Peace! Would the disciples have expected that greeting from the one they had
betrayed and abandoned to death? But that is what he says.
And
Jesus shows them his wounds. He does this, first of all, to show that it really
is him. This is not a ghost, or a lookalike, or an illusion.
But his
showing of his wounds means more than that. The wounds of Jesus are the marks
both of our sin and of our forgiveness. Our sin, which put Jesus on the cross,
is imprinted on his risen body for ever. But now he is risen from the dead those
wounds have become the marks of love. Our sin has been turned round by the
resurrection, transformed into love and forgiveness. Through the resurrection
God gives us back our sins as grace.
See how
this changes the story, for those first disciples and for us! They had thought
that the end of the story was death, defeat, failure. Sin had fought with Jesus
and won – apparently. That indeed has been the story of humanity from the
beginning, sin and death have always had the final word.
But the
resurrection of Jesus blows all that open, turns it completely around. Now, the
end of the story is not death, but glorious new life.

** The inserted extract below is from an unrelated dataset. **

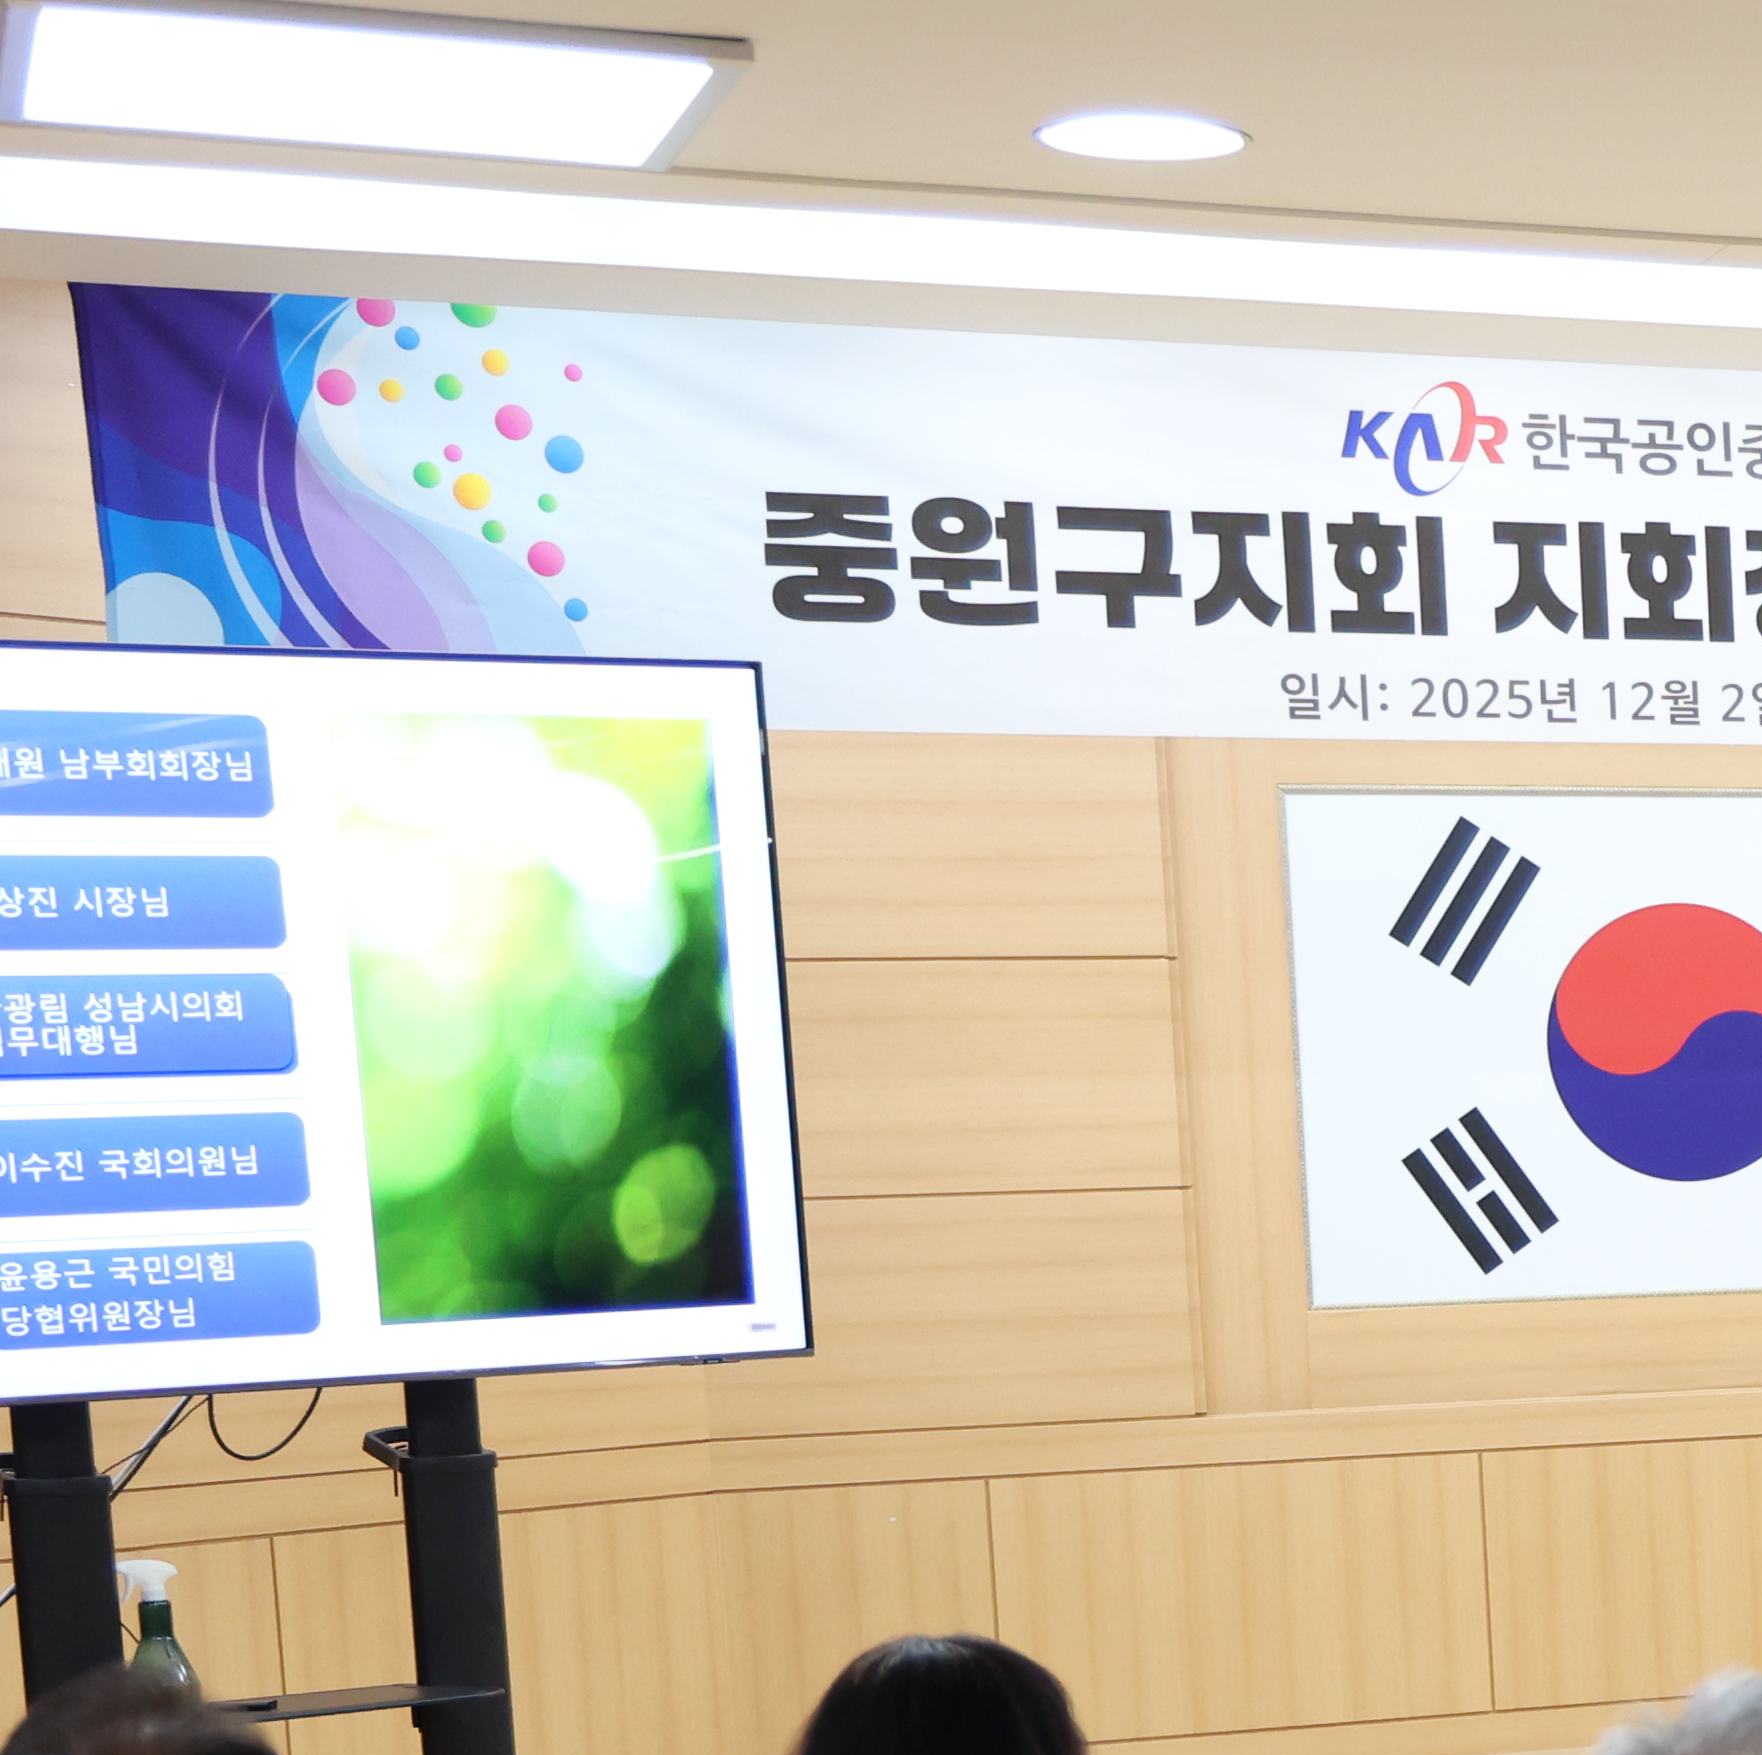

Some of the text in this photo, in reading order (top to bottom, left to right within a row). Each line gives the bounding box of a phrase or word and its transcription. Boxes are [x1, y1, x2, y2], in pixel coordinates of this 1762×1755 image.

Now, the story of our
sins is turned on its head and told in our favour, every sin forgiven a new
story of Divine love and mercy triumphant, every wound on the risen body of
Jesus a glorious trophy adored by the angels and destined to be the wonder and
praise of redeemed humanity for ever.
But not
content with forgiving the disciples, great as that gift is, Jesus breathes on
them the gift of the Holy Spirit. Now even his dying breath on the cross is
transformed by the resurrection into a new gift, the living breath of God
himself to raise humanity to share in the life of God.
And he
sends them. “As the Father has sent me, so I send you.” This group of sinners,
transformed and turned around by the creative love of God, now becomes part of
the movement of God into the world that was begun in Jesus. A movement sent
into all the world to spread God’s forgiveness, mercy and love to all.
On the
first day of the week, Jesus came and stood among them. And through that living
encounter with the risen Lord the disciples were transformed, forgiven, caught
up into the life of God and sent into the world.
This was
the start of the weekly pattern in which we now live, meeting the risen Lord on
the first day of the week. As for that first group of disciples, so with us and
with all Christians throughout the world.
The
Eucharist which we celebrate Sunday by Sunday is both the memorial of Christ’s
death and the breaking through of his risen life. Under the forms of bread and
wine we too touch his wounds, the marks of our sin, the evidence against us
turned round by the resurrection into the evidence of God’s love for us. This
is my body given for you. In the
breaking of the bread Christ once more stands among us, gives us his peace, and
sends us into the world to continue his movement of mercy, forgiveness and
love.
The
resurrection has erupted into the world, and every Mass we celebrate is part of
that continuing transformation. Today we meet Jesus, and he sends us, as he
sent his first disciples, to bring his love and forgiveness to the world.
The
word “Mass” actually means “sending”, from the dismissal at the end. Here, in
the Eucharist, is the life and heart of our mission, our sending. This is the
summit and source of the Church’s life. This is our weekly meeting with the
risen Lord at which he raises us from death, gives us his forgiveness and
peace, and catches us up into his movement of love into the world.
This is
indeed the first day of the week, for meeting Jesus at the beginning of the
week enables us to live the rest of the week for Jesus, in Jesus, bearing the
good news of his love, forgiveness and mercy to all whom we meet.